Saved entries:
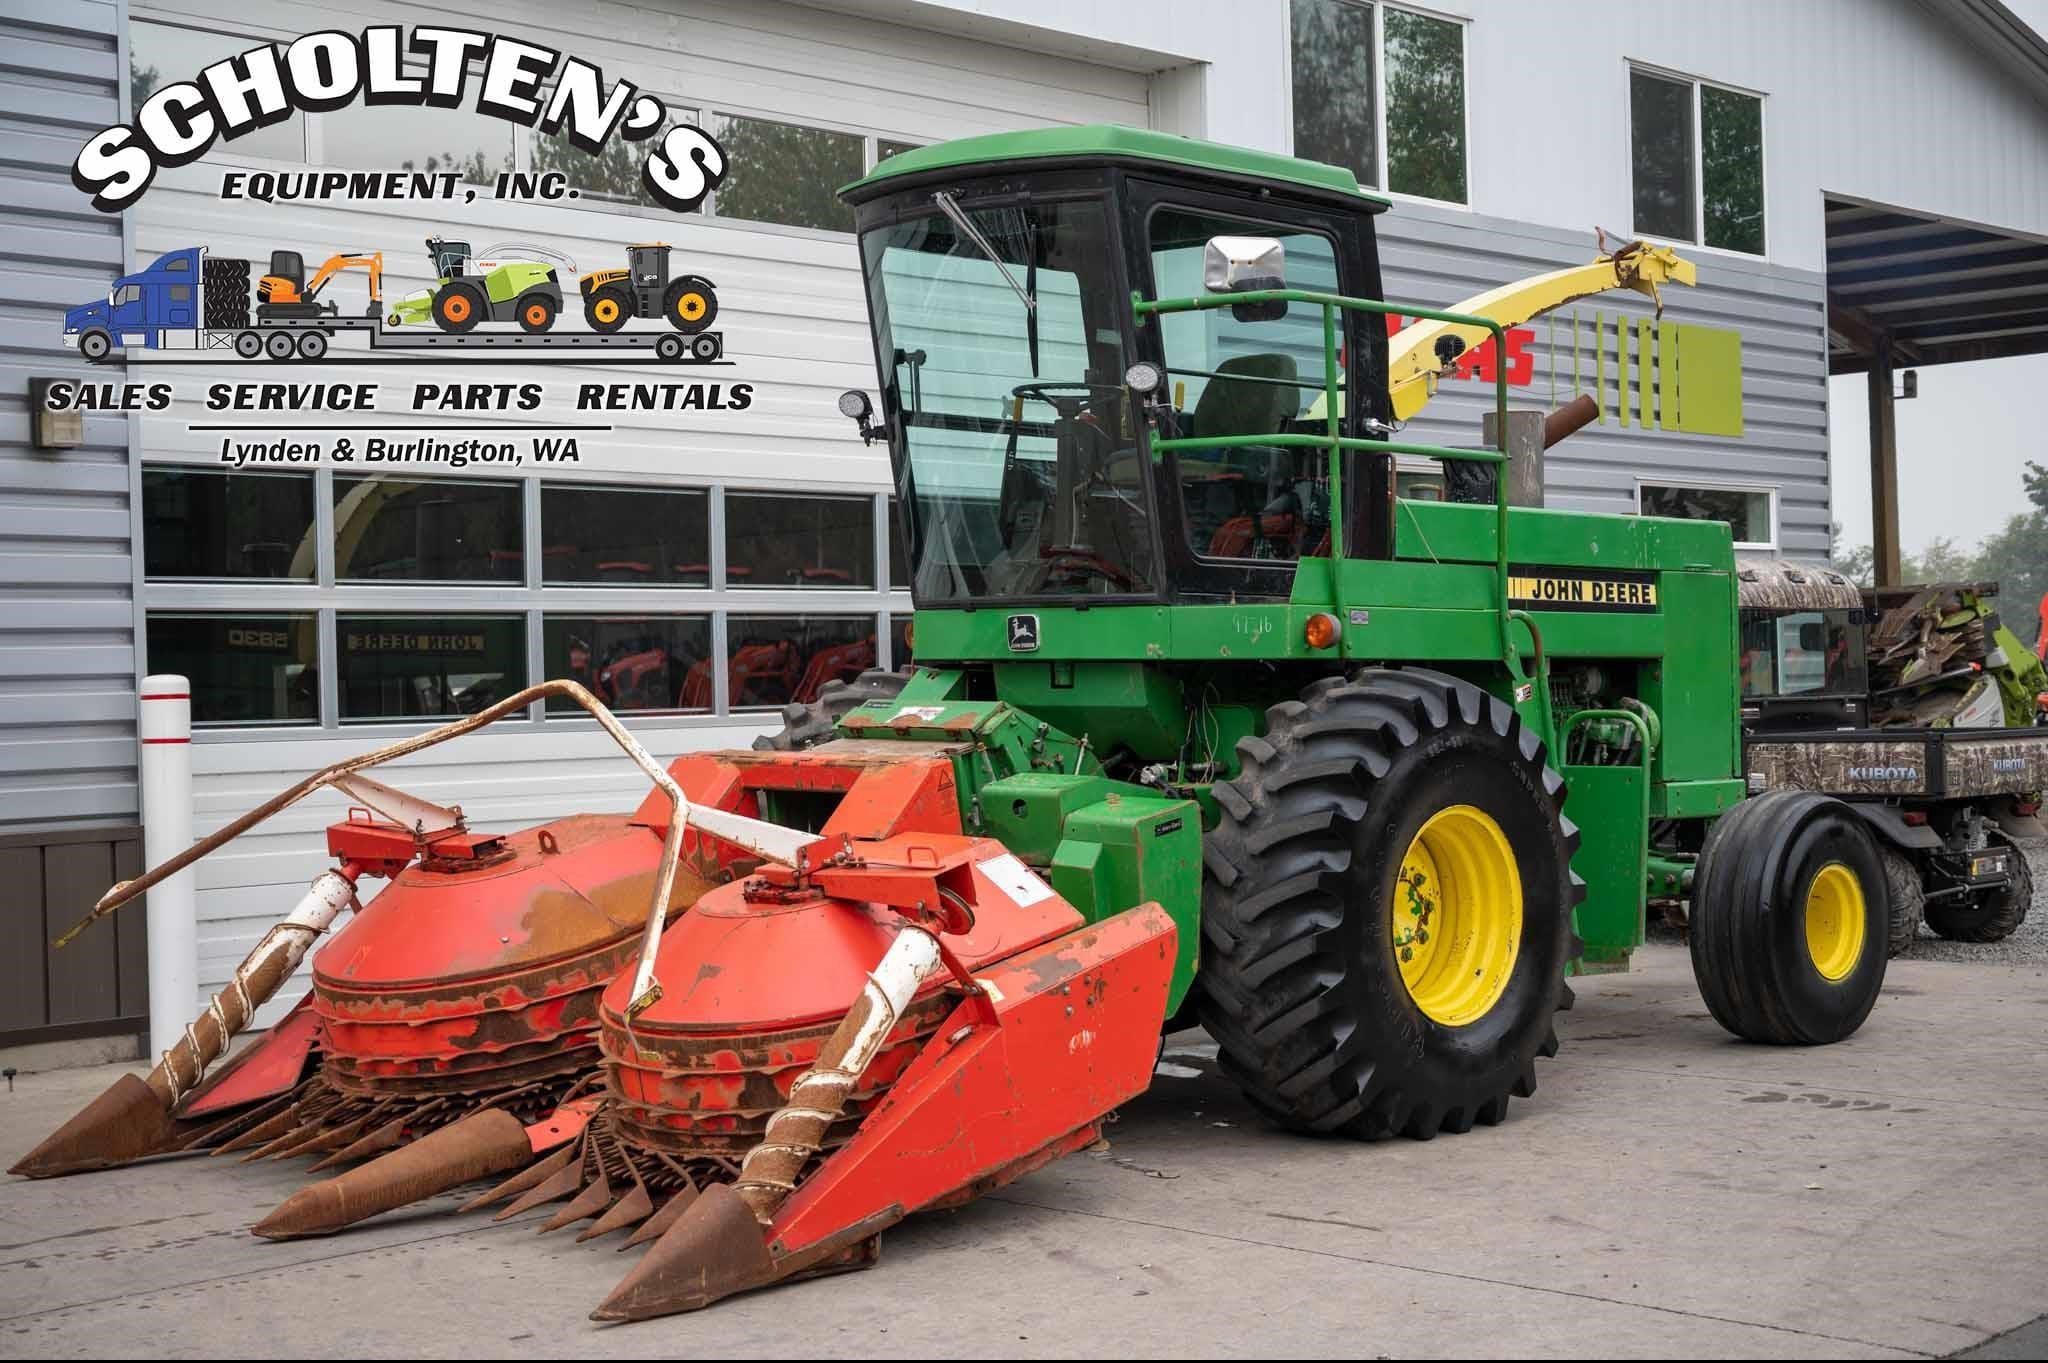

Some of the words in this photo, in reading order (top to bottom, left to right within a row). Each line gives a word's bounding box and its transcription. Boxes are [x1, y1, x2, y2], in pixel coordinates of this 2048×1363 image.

[1532, 579, 1583, 600] JOHN
[1592, 582, 1651, 604] DEERE
[1993, 758, 2026, 770] KUBOTA
[1849, 767, 1918, 780] KUBOTA
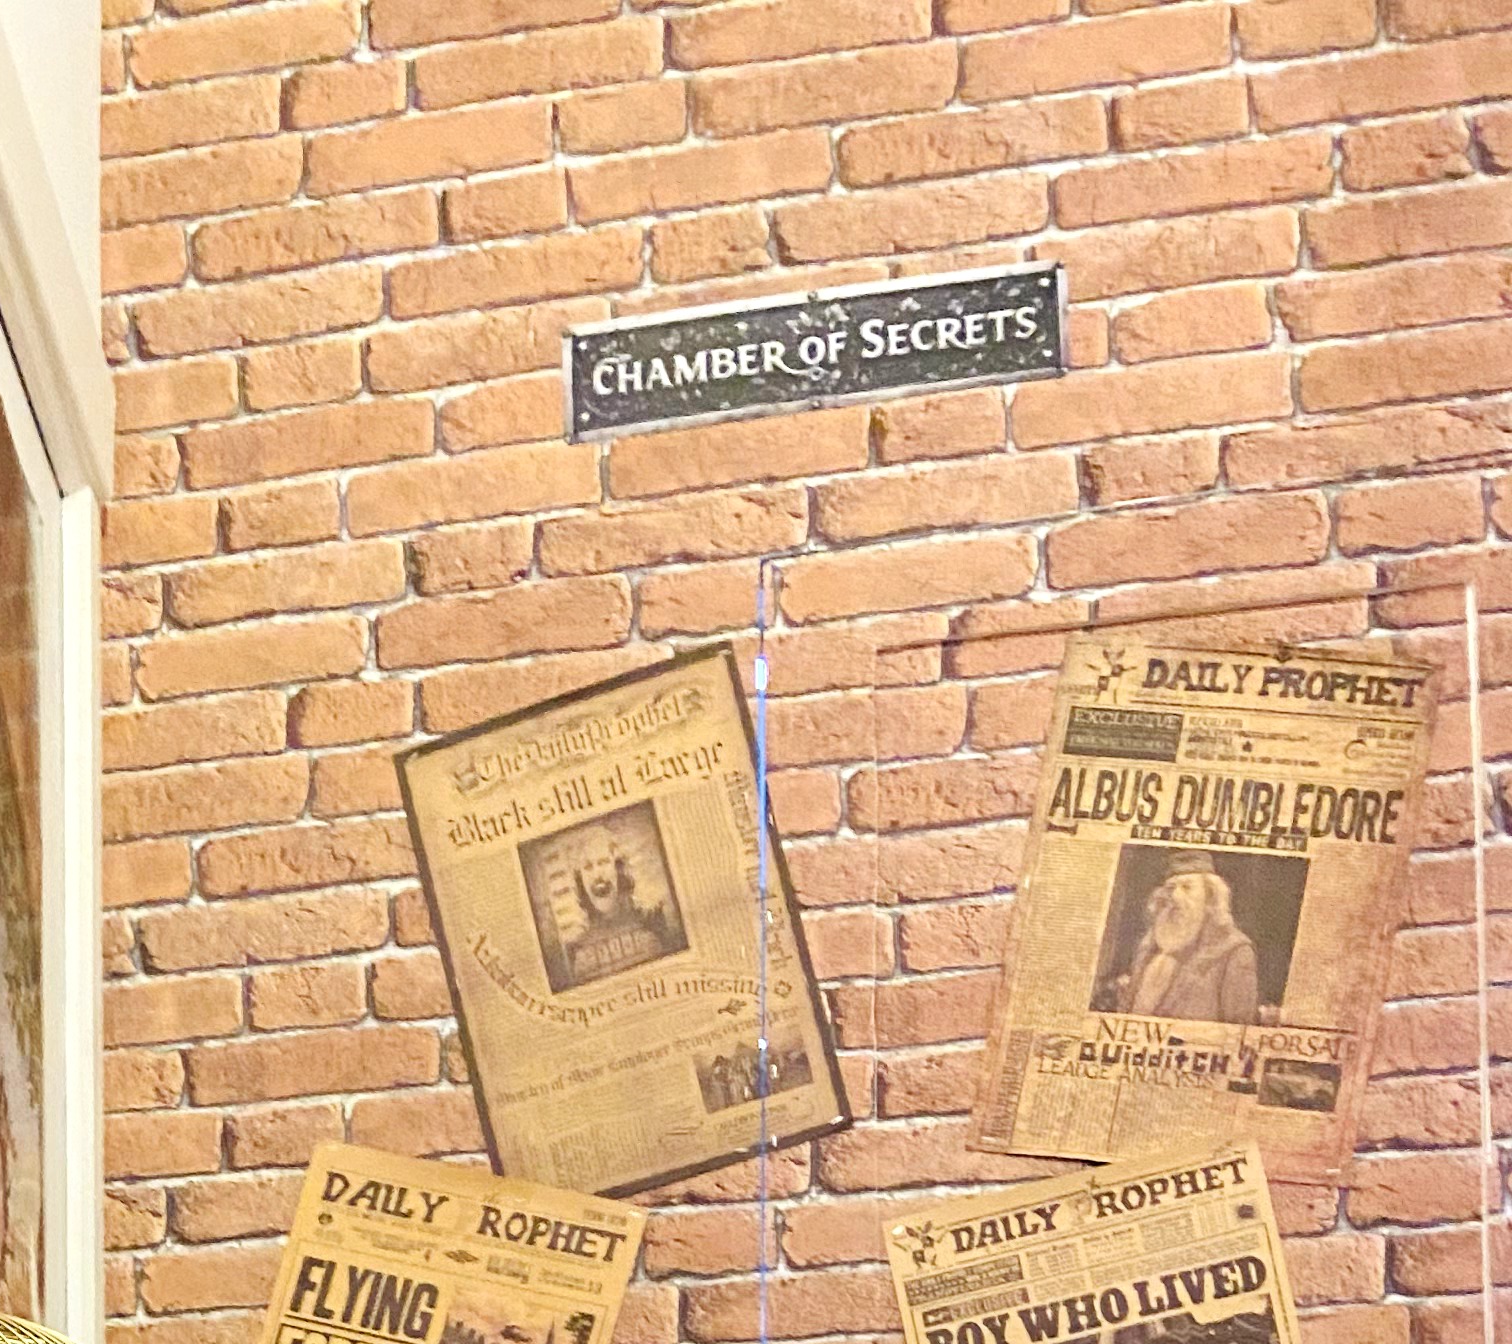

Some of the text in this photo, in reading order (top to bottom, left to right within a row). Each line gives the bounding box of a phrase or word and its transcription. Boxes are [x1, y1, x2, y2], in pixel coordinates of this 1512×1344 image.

[592, 306, 1037, 397] CHAMBER OF SECRETS
[1142, 658, 1425, 708] DAILY PROPHET
[448, 742, 724, 848] Black still at Large
[1048, 766, 1404, 845] ALBUS DUMBLEDORE
[1096, 1017, 1174, 1044] NEW
[1258, 1032, 1306, 1055] FOR
[322, 1170, 450, 1223] DAILY
[950, 1202, 1061, 1253] DAILY
[289, 1256, 440, 1341] FLYING
[1017, 1288, 1130, 1343] WHO
[1133, 1255, 1267, 1317] LIVED

- TASK DESCRIPTION
Could you set down every entry again exactly as written, leaving out any pictures?

- ANSWER BOX
Some of the words in this photo, in reading order (top to bottom, left to right within a row). Each line gives a word's bounding box and its transcription. Boxes are [x1, y1, x2, y2], in pixel coordinates of this 2048×1363 image.

[1532, 579, 1583, 600] JOHN
[1592, 582, 1651, 604] DEERE
[1993, 758, 2026, 770] KUBOTA
[1849, 767, 1918, 780] KUBOTA

Some of the text in this photo, in reading order (top to bottom, left to right within a row). Each line gives the bounding box of a phrase or word and its transcription. Boxes are [x1, y1, x2, y2], in pixel coordinates of this 1512×1344 image.

[592, 306, 1037, 397] CHAMBER OF SECRETS
[1142, 658, 1425, 708] DAILY PROPHET
[448, 742, 724, 848] Black still at Large
[1048, 766, 1404, 845] ALBUS DUMBLEDORE
[1096, 1017, 1174, 1044] NEW
[1258, 1032, 1306, 1055] FOR
[322, 1170, 450, 1223] DAILY
[950, 1202, 1061, 1253] DAILY
[289, 1256, 440, 1341] FLYING
[1017, 1288, 1130, 1343] WHO
[1133, 1255, 1267, 1317] LIVED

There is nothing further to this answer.